No role play or stage-work (I admit, of course, that they may be useful as an auxiliary means) will be able to replace the informative, mind- and imagination-training load of the BOOK. That’s my position.


Entry for October 11, 2007

October 10, 2007


Peter Grünberg of Germany and Albert Fert of France have been awarded the Nobel Physics Prize Tuesday for their work which led to the miniaturized hard disk, one of the breakthroughs of modern information technology.

Gerhard Ertl of Germany won the 2007 Nobel Prize in chemistry for his studies of chemical processes on solid surfaces, the Nobel jury said on Wednesday, Oct. 10.

German physicist Theodor W. Hänsch said he was overwhelmed by winning the 2005 Nobel Physics Prize but admitted he had long believed his work was worthy of such an honor.

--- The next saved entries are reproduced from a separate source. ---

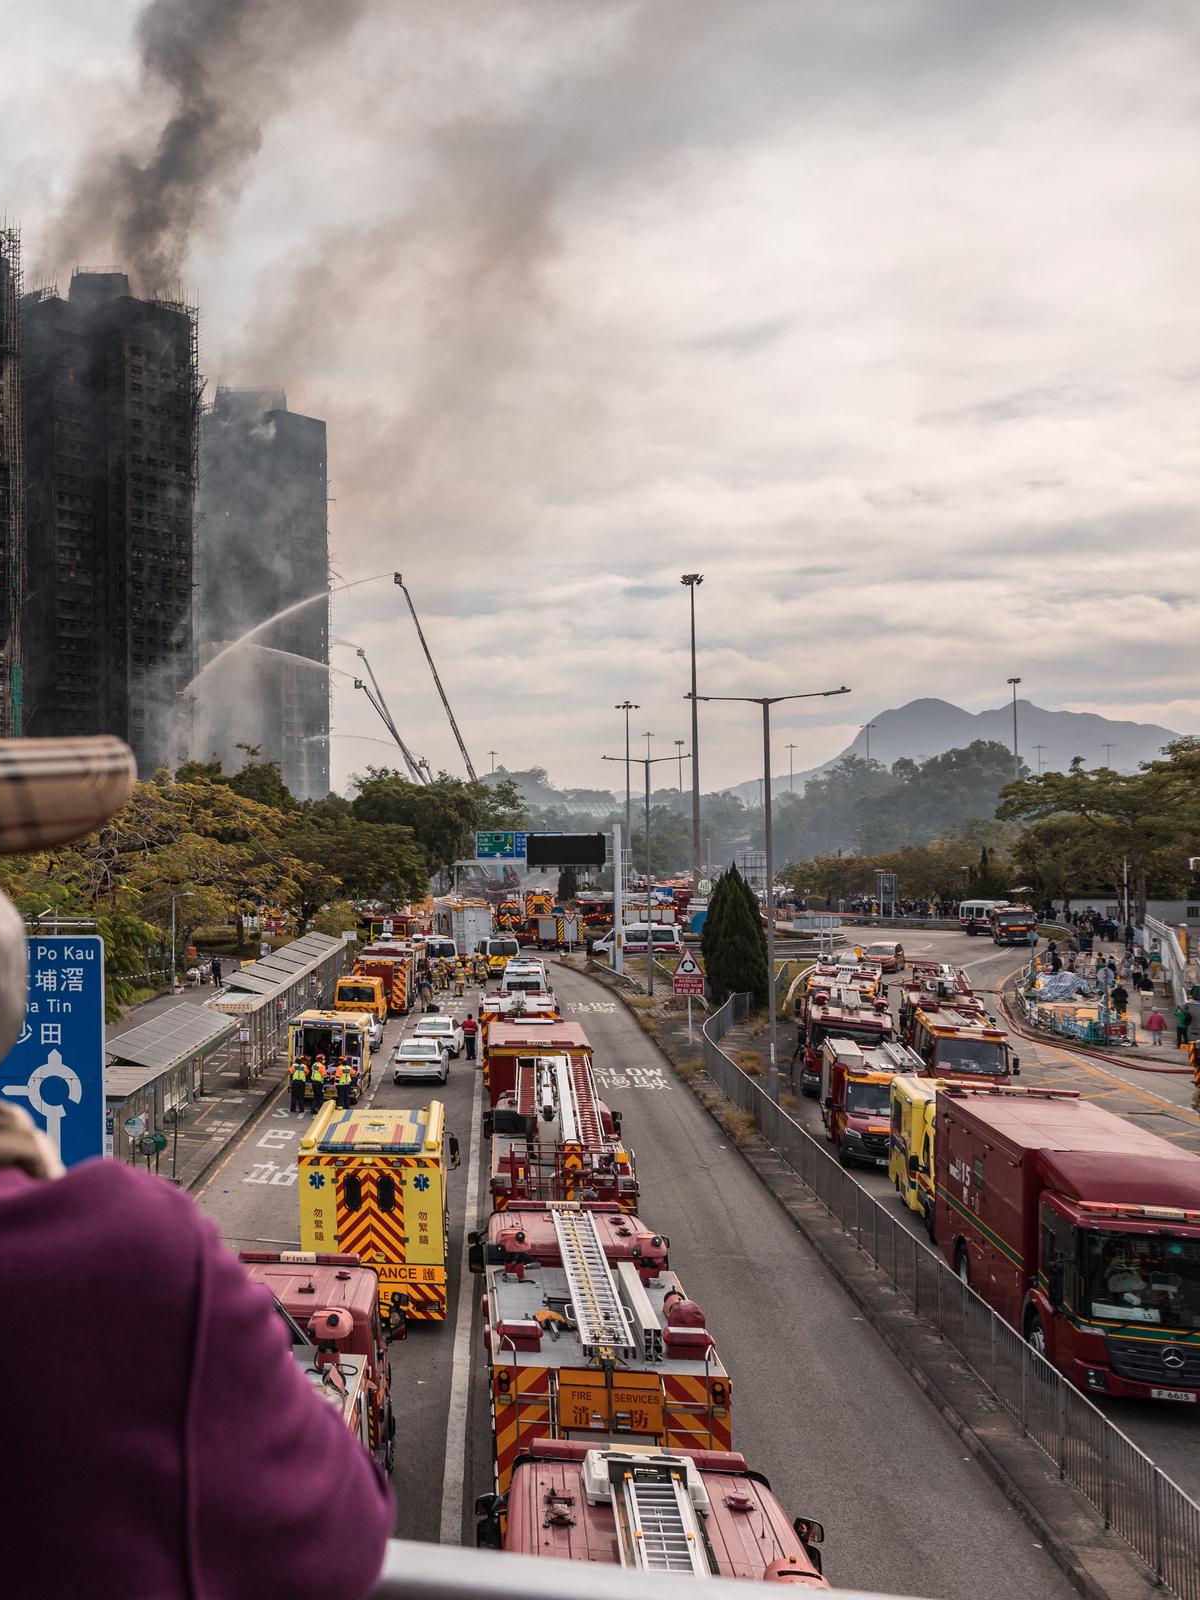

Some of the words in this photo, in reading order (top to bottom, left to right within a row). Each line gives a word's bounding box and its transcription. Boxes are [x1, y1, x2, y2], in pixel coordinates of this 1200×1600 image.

[37, 946, 58, 960] Po
[63, 946, 95, 960] Kau
[26, 967, 84, 992] 埔滘
[46, 999, 72, 1013] Tin
[592, 1067, 663, 1076] SLOW
[962, 1161, 971, 1187] 15
[571, 1391, 592, 1401] FIRE
[614, 1393, 660, 1405] SERVICES
[1157, 1390, 1164, 1398] F
[1167, 1391, 1190, 1401] 6615
[572, 1405, 591, 1425] 消
[629, 1409, 649, 1429] 防

I have googled the Ukrainian phrase: “Science in Ukraine — Wikipedia”. The first response reads: No main article in this category

Entry for October 09, 2007

October 9, 2007


My colleague is a law student. She works half-days — only in the mornings. In the afternoons she has her studies at the university. Before she left this afternoon I heard her discussing with her friend on the phone how they would be coming to the university today. The matter is that the administration of the university ordered that all the students should wear a uniform. Those who come in their usual clothes will not be allowed to attend lectures. The students had been made to buy the uniform at the cost of 350 hryvnas (about 70 USD). I do not really know how all this sounds to a representative of a culture other than Ukrainian, but even to me, the one who grew under the Soviet regime, that requirement of the principal’s office is more than strange. Do those Rip Van Winkles realise in what times they are living when they hail themselves loyal subjects to His Highness Goose-Step and PRussian discipline? The young generation nowadays is quite different from what the present-day educators were some thirty-forty ago.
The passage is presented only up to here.